En Canarias, cada procedimiento parece diseñado desde la desconfianza: desconfianza hacia el ciudadano, el técnico y la propia administración. El resultado es una cadena interminable de informes, visados, supervisiones y revisiones que rara vez aportan valor añadido, pero que sí consumen tiempo y recursos públicos.

Ejecución insuficiente

El ejemplo más paradigmático es la gestión de los fondos que directamente aportan los ciudadanos a través de sus impuestos o los que indirectamente se reciben del Estado o de Europa. Canarias ha tenido en los últimos años una oportunidad histórica de inversión, con fondos propios y ajenos, pero la capacidad administrativa para ejecutarla ha sido claramente insuficiente. Proyectos que no arrancan, convocatorias que se retrasan, ayudas que se resuelven cuando el contexto económico ya ha cambiado.

"La parálisis tiene consecuencias directas: retrasa la creación de empleo, bloquea la construcción de vivienda, retrasa prestaciones sociales"

La paradoja es evidente: el dinero existe, la necesidad también, pero la administración no llega a tiempo.

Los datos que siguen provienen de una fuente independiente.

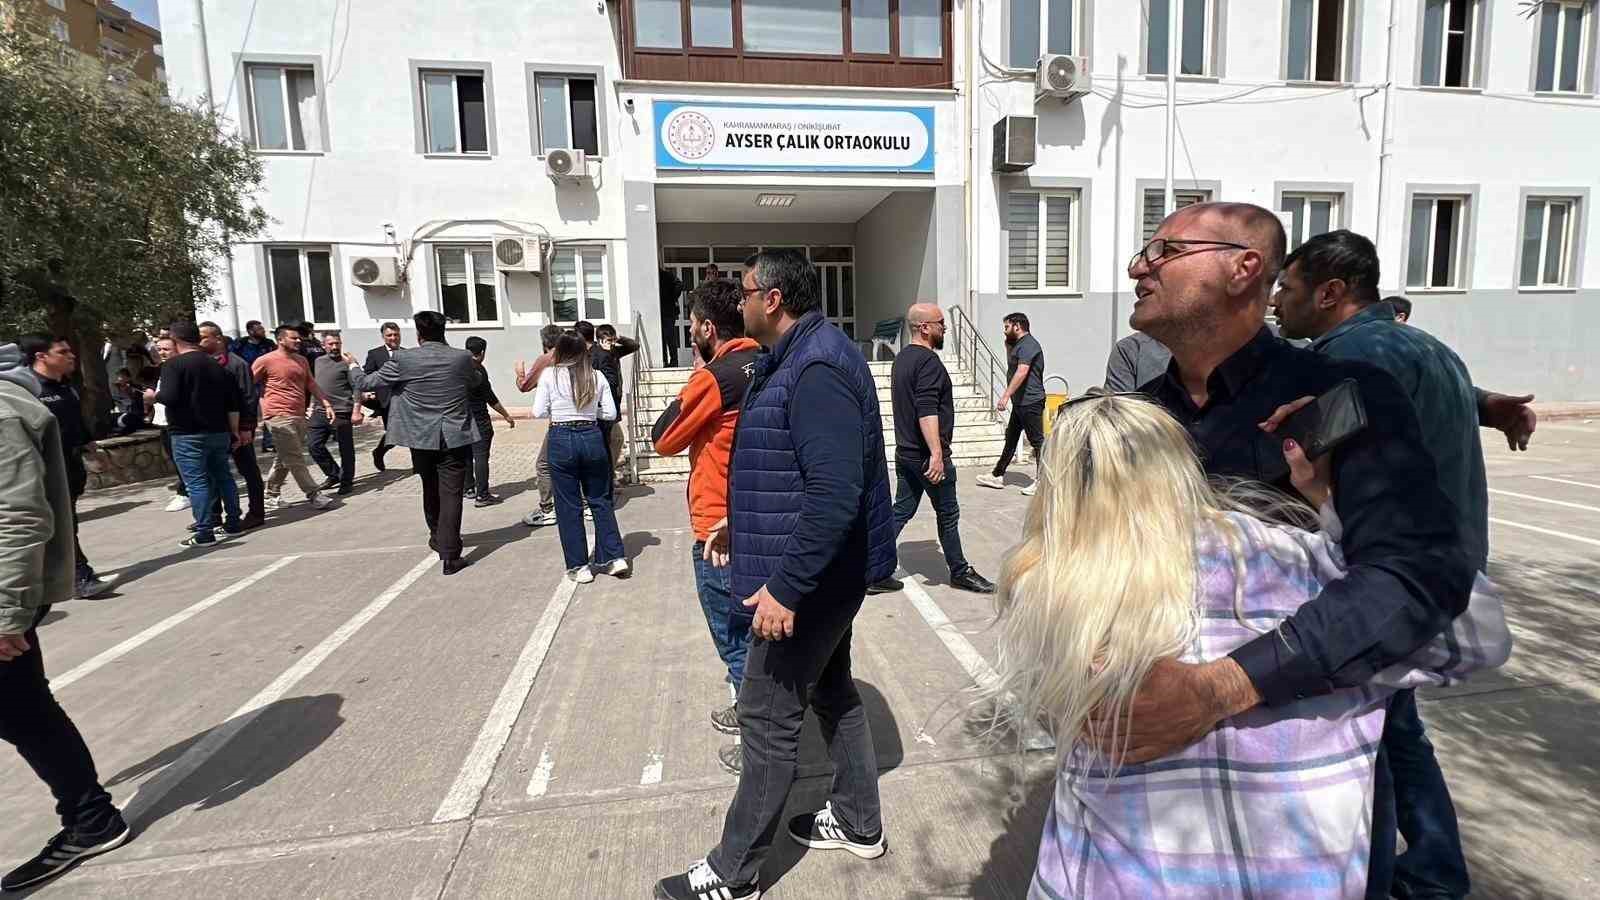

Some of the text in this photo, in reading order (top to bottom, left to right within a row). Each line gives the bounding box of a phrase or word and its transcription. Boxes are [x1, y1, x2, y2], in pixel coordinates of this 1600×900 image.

[723, 121, 792, 131] KAHRAMANMARAŞ
[725, 133, 773, 148] AYSER
[776, 134, 820, 151] ÇALIK
[823, 135, 911, 150] ORTAOKULU

Y cuando llega, lo hace con un nivel de complejidad tal que expulsa a pymes, autónomos y entidades sociales que no pueden permitirse contar con gestores especializados. La parálisis burocrática no es neutra. Tiene consecuencias directas: retrasa la creación de empleo, bloquea la construcción de vivienda, dificulta la transición energética, retrasa prestaciones sociales a personas vulnerables.

Pérdida de oportunidades

Cada expediente que duerme en un cajón es una oportunidad perdida. Cada trámite innecesario es un coste oculto que acaba pagando la sociedad en forma de desigualdad, frustración y desafección institucional. La pregunta de fondo es incómoda: ¿la administración canaria trabaja para garantizar derechos o para protegerse a sí misma? La sensación generalizada es que el sistema está diseñado para evitar responsabilidades, no para resolver problemas. Cuando todo requiere múltiples firmas, nadie responde por el resultado final. Mientras tanto, el ciudadano aprende una lección peligrosa: que cumplir las normas no garantiza soluciones, y que avanzar requiere contactos, paciencia infinita o renuncia.

Canarias no necesita más leyes ni más planes estratégicos. Necesita una administración que funcione, que decida y que asuma riesgos razonables. Porque cuando la burocracia se convierte en un fin en sí mismo, deja de ser garantía democrática y pasa a ser un obstáculo al bienestar colectivo.

¿Quién responde por el tiempo perdido?